High costs curve addiction

by Leonardo Castaneda

Leonardo Castaneda, Opinion Editor

Do you hear it? Do you hear the bicyclists laughing as you stand there pumping gas, paying close to $5 per gallon? It would be cheaper to fuel cars with Starbucks caramel frappuccinos.

The reason for the sudden spike in gas prices isn’t clear-cut, but a lot of plausible explanations have been offered. For now, it seems to be a combination of trouble in California refineries and potential price gauging from gas companies. Because California requires a higher- quality gas blend than other states, it is dependent on a small number of refineries and gas companies. The high standards led to improved air quality in the state, but also exposed it to higher volatility in prices.

Almost immediately, Gov. Jerry Brown demanded the early sale of a cheaper but more polluting gasoline blend usually banned until the end of October. This should decrease the price of gasoline, but anyone who’s had a car during the last few years knows gas prices rise like rockets and drop like feathers.

In the meantime, California’s economy will keep running, rioting mobs won’t burn down Sacramento and starving children won’t wander in an apocalyptic wasteland (except maybe in San Bernardino). This matters because it highlights a key fact about California politics and economy putting it far ahead of other states. Slowly but surely, pro-environmental policies raised gas prices higher than the national average while encouraging investment in green technology companies. California is on its way to a future independent of fossil fuels, and higher gas prices will only serve to reinforce it.

Take for example the Silicon Valley-based car company Tesla Motors. During the recent presidential debate, Republican candidate Mitt Romney called Tesla Motors a “loser” company because it received a loan from the federal government. Yet Tesla is making huge strides toward an affordable electric vehicle. Higher gas prices make electric vehicles more attractive to consumers, further reducing dependence on oil.

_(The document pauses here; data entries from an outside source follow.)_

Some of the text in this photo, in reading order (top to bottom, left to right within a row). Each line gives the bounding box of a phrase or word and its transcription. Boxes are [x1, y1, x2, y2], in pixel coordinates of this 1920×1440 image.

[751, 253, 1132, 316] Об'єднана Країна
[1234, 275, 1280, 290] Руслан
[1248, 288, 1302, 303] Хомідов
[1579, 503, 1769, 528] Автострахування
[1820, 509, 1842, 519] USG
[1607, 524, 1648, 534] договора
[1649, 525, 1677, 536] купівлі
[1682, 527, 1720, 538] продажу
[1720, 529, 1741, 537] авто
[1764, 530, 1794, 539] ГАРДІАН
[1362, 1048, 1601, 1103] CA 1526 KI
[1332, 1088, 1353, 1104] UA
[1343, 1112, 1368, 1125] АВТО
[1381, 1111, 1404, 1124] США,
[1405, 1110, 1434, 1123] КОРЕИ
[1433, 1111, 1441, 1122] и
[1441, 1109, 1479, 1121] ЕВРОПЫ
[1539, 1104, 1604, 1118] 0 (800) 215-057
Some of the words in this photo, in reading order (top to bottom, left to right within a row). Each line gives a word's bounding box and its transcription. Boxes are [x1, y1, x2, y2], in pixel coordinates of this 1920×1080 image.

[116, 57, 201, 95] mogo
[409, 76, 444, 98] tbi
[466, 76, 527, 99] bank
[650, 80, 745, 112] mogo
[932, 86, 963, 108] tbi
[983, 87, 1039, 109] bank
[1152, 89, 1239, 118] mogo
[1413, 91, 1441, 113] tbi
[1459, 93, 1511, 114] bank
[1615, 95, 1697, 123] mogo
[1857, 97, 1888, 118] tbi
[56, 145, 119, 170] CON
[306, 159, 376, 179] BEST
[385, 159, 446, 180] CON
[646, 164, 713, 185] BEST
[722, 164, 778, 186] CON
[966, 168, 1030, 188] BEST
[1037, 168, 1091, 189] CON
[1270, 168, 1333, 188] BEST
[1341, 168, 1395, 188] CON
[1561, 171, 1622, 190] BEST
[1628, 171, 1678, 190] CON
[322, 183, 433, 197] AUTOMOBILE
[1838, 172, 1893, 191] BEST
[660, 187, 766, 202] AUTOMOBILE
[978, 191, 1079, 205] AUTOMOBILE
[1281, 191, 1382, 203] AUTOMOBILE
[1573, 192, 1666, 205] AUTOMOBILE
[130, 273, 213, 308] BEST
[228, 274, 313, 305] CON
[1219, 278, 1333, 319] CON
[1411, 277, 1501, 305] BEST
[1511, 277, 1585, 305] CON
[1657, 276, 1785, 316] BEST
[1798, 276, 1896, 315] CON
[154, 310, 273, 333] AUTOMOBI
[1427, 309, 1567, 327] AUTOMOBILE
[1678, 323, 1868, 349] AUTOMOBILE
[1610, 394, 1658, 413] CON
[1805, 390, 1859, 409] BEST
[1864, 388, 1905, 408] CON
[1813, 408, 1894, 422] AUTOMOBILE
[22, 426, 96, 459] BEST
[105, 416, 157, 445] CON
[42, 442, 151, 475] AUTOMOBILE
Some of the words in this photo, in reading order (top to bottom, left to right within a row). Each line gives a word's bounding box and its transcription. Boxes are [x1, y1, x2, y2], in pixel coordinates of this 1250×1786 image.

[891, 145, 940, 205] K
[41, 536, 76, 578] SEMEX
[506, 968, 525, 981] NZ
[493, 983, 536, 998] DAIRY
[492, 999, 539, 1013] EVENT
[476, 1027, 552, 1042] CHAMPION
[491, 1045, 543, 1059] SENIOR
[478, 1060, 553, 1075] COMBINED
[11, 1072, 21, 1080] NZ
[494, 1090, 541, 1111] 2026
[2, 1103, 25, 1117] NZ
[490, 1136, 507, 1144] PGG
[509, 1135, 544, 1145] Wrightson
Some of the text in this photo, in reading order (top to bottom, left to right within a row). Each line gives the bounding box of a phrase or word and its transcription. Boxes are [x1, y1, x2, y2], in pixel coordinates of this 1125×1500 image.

In the short run, Brown is doing the right thing by trying to lower gas prices as the state continues to recover from a deep recession. But, on a long-term scale, the state must commit to taxes on gasoline and investment in public transport and green technology. It isn’t the most popular policy, but it furthers California’s move toward a greener future.

Sooner or later, and most likely sooner than we anticipate, high gas prices will become a reality for the whole nation. It’s an inevitable trend no amount of offshore drilling and fracking can prevent, but only delay. And when everyone is facing $6 gas prices at the pump, California will be ready. Because it’s reducing its dependence on gasoline, California will be less exposed to the inevitable future gas-price fluctuations and it’ll be poised to capitalize on the demand for green technology.

Living in California isn’t cheap. Raising gas prices on an already taxed population might seem like a bad idea. Butifwedoitnowandeaseoutof our addiction to gas, we won’t suffer while high gas prices strangle the rest of the country.